I 5 ospedali al top per la cura del tumore dell’ovaio e dell’utero

320

Un’indagine sui centri italiani più performanti per volume di interventi per tumore maligno all’ovaio ha evidenziato che i maggior numero di interventi per tumore maligno all’ovaio, nel nostro Paese, viene eseguito dal Policlinico Universitario A. Gemelli di Roma, che concentra quasi il 10% della casistica nazionale. Al 2° posto lo IEO – Istituto Europeo di Oncologia di Milano seguito; al 3° l’Istituto Nazionale dei Tumori di Milano; 4° occupato dal Policlinico Sant’Orsola – Malpighi di Bologna; al 5° l’Ospedale Sant’Anna – A.O.U. Città della Salute e della Scienza di Torino. Considerando solo le 183 strutture italiane che effettuano almeno 5 interventi annui, il 28% (poco più di 1 su 4) arriva a quota 20 operazioni: soglia oltre la quale – secondo quanto viene riportato dal PNE 2018 – diminuisce marcatamente il rischio di residui tumorali (fattore associato a minori probabilità di sopravvivenza a 5 anni dall’operazione chirurgica per tumore ovarico). “Come per tutte le patologie complesse, anche per la gestione di questo carcinoma è fondamentale affidarsi a centri competenti e accreditati, in grado di garantire cure ed assistenza appropriate volte a prolungare la sopravvivenza e, al tempo stesso, a migliorare la qualità di vita”, spiega Giovanni Scambia, Direttore Scientifico della Fondazione Policlinico Universitario A. Gemelli di Roma.

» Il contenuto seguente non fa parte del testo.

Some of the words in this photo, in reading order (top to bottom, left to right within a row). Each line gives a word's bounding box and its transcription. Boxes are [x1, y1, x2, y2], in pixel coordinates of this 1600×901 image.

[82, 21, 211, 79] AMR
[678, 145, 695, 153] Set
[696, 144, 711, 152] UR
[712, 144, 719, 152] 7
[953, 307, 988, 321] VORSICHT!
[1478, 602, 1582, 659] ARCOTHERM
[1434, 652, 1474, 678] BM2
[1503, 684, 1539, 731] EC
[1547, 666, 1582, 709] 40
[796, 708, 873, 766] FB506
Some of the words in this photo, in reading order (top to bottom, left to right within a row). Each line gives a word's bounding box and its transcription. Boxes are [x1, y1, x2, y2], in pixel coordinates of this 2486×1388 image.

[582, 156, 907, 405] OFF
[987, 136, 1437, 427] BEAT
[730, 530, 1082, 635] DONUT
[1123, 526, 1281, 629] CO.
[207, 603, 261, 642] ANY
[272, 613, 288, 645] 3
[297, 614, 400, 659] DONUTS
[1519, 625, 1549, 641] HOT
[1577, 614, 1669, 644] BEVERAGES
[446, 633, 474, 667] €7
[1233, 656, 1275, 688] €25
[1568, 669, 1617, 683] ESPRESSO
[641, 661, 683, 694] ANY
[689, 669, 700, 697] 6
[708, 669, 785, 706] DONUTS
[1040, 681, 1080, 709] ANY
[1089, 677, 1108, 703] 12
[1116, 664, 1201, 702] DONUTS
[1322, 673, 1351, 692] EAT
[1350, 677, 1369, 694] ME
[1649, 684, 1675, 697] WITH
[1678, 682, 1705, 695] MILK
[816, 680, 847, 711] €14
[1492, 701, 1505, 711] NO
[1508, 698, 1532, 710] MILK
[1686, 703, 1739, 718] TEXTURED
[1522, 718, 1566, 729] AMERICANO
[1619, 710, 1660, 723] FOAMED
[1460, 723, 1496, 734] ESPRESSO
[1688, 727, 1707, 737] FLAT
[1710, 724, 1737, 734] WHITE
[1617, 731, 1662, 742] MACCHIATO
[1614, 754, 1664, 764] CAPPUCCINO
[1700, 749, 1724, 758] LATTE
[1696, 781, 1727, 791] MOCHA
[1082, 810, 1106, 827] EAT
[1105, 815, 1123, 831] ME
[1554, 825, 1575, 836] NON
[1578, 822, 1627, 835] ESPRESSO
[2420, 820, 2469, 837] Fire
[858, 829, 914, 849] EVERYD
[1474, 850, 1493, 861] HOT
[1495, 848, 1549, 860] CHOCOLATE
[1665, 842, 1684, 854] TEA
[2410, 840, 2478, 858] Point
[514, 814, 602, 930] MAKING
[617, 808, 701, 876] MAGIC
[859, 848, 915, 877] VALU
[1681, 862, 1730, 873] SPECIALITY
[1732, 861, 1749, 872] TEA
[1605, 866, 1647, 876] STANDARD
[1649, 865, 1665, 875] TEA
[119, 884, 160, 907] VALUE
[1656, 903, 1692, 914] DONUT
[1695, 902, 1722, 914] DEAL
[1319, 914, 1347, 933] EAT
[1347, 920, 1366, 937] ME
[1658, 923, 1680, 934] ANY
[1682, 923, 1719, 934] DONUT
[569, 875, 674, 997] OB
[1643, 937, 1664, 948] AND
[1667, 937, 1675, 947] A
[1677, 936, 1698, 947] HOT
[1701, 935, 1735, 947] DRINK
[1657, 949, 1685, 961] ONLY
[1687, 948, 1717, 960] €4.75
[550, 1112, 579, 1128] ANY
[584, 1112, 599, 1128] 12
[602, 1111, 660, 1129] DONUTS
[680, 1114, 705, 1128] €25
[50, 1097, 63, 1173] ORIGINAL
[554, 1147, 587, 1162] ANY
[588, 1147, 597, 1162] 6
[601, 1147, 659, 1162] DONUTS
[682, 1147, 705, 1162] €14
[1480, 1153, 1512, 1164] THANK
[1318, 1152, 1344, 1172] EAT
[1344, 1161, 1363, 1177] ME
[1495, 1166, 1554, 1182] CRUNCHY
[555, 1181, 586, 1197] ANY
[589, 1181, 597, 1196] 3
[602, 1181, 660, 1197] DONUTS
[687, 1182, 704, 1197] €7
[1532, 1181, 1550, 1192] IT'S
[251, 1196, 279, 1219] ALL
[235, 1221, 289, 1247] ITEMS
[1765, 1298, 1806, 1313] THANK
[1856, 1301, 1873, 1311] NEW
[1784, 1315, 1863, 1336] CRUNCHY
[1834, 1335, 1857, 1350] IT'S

Quanto al volume d’interventi per tumore maligno all’utero, al 1° e 2° posto in Italia si riconfermano rispettivamente il Policlinico Universitario A. Gemelli di Roma e lo IEO – Istituto Europeo di Oncologia di Milano. Al 3°, c’è l’Ospedale Sant’Anna – A.O.U. Città della Salute e della Scienza di Torino, che guadagna una posizione rispetto all’anno precedente, mentre al 4° e al 5° posto, si trovano rispettivamente l’Istituto Nazionale Tumori Regina Elena di Roma e la Casa di Cura Villa dei Platani di Avellino.

La ricerca è stata condotta dal portale doveecomemicuro.it; fonte dei dati è il Programma Nazionale Esiti 2018 di Agenas, in base a cui il sito è stato recentemente aggiornato. “L’alto numero di interventi eseguiti in un anno è il primo elemento di cui tenere conto al momento di scegliere la struttura in cui operarsi, perché indicativo dell’esperienza accumulata da un ospedale”, spiega Elena Azzolini, medico specialista in Sanità Pubblica e membro del comitato scientifico del portale. “Una vasta letteratura scientifica, infatti, dimostra come un importante volume di attività abbia un impatto positivo sugli esiti delle cure.”